1. Set all stages in the shift register to logic 0 –to disable all product lines and

check that both parity outputs are zero. This checks stuck at-1 fault in parity check circuits.

2. Shift 1 to first stage .to select first product column only leading to OR array. Set all Xi inputs to zero Y1,Y2 to 10 which will give 1 on all 2nd And input literals. Check that odd parity check on column 1 is 1 by observing output Z2. If no cross point is present, there will be only parity bit in OR array to give output Z2=1

3. Repeat 1..2 for Xi inputs set to 1 and Y1,Y2 set to 01 which will give 1 on all AND array inputs.

4. Repeat 2 and 3 for each of the remaining product columns by shifting 1 along shift register to check all OR matrix cross points.

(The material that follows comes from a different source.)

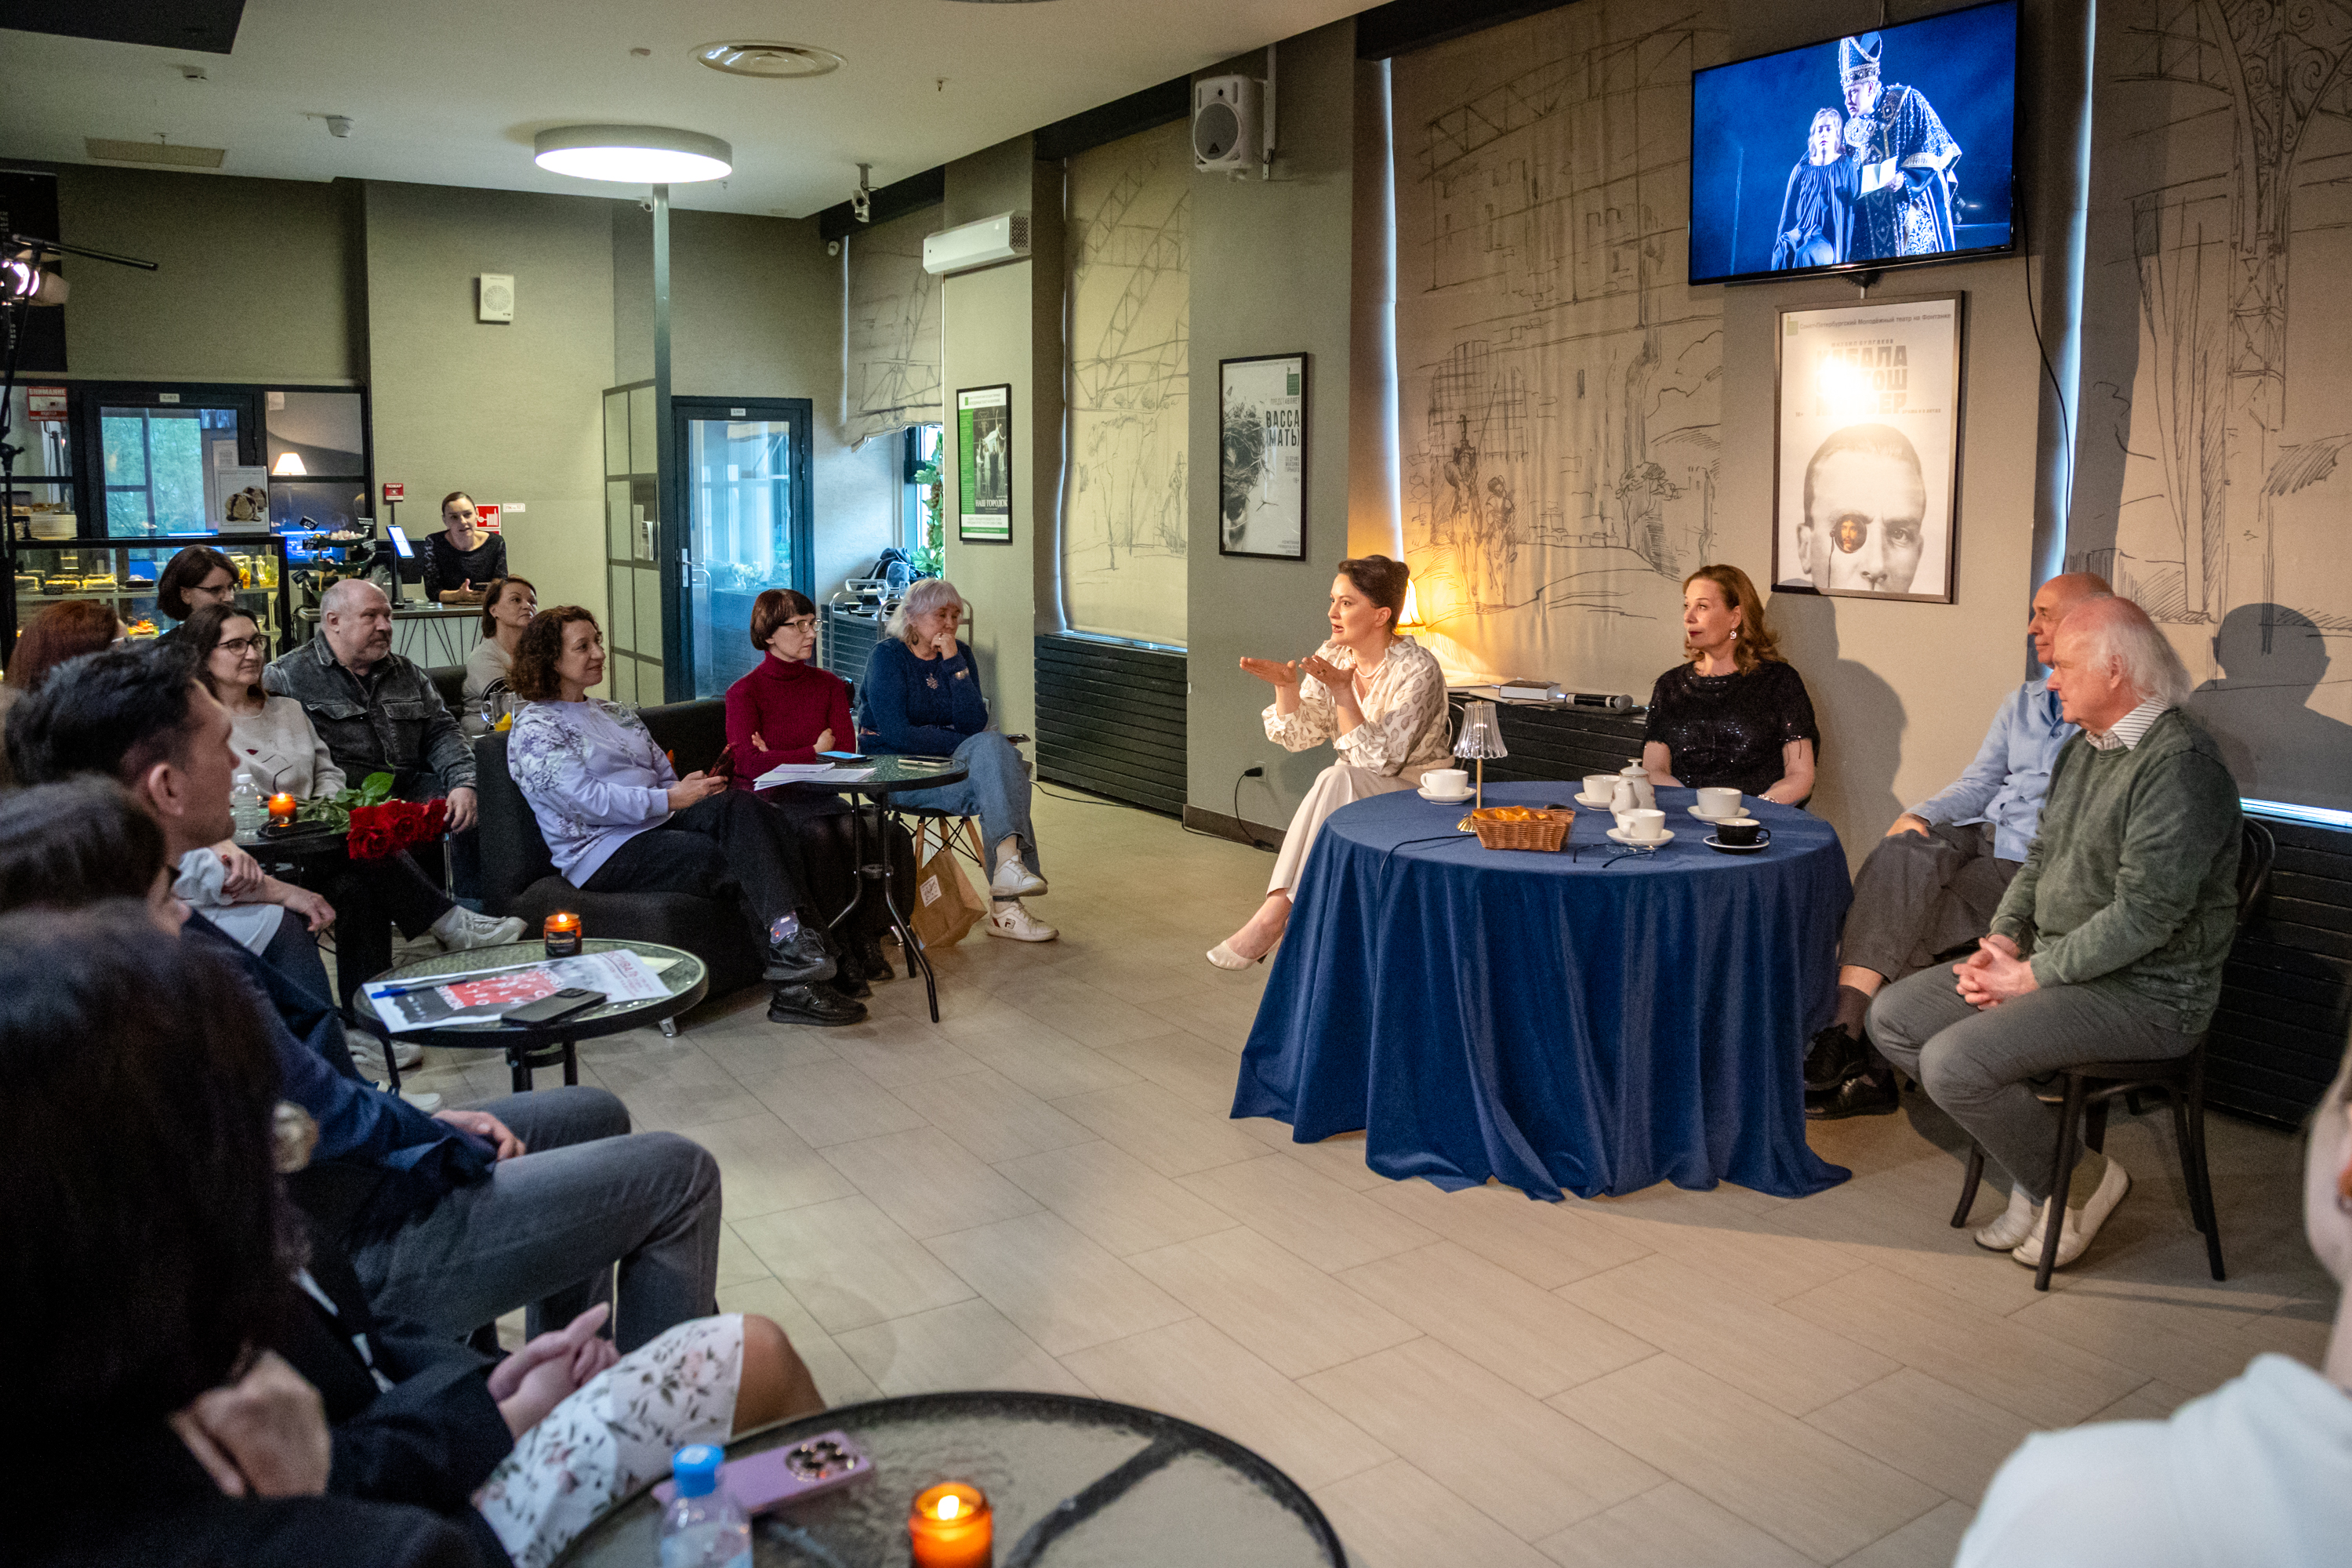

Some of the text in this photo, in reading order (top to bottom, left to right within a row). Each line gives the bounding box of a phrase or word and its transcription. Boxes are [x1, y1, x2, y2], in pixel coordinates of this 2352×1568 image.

[1266, 409, 1300, 428] ВАССА
[1266, 428, 1300, 447] (МАТЬ)
[986, 499, 1008, 508] ГОРОДОК

5. Set all stages in the shift register to 1 to energize all product columns With Y1Y2 =01 , set X1 to 0 and all remaining inputs to 1 to deactivate input X1row in the AND array but activate all remaining 2n-1 rows. With this loss of all p(odd programmed) cross points in the first row of AND array including parity check. Check for Z1=1

6. Repeat Y1Y2=01 X1=1 and all remaining inputs at 0 to deactivate Xi’ row in the And array checking Z1=1 as in step 5.

7. Continue till all done.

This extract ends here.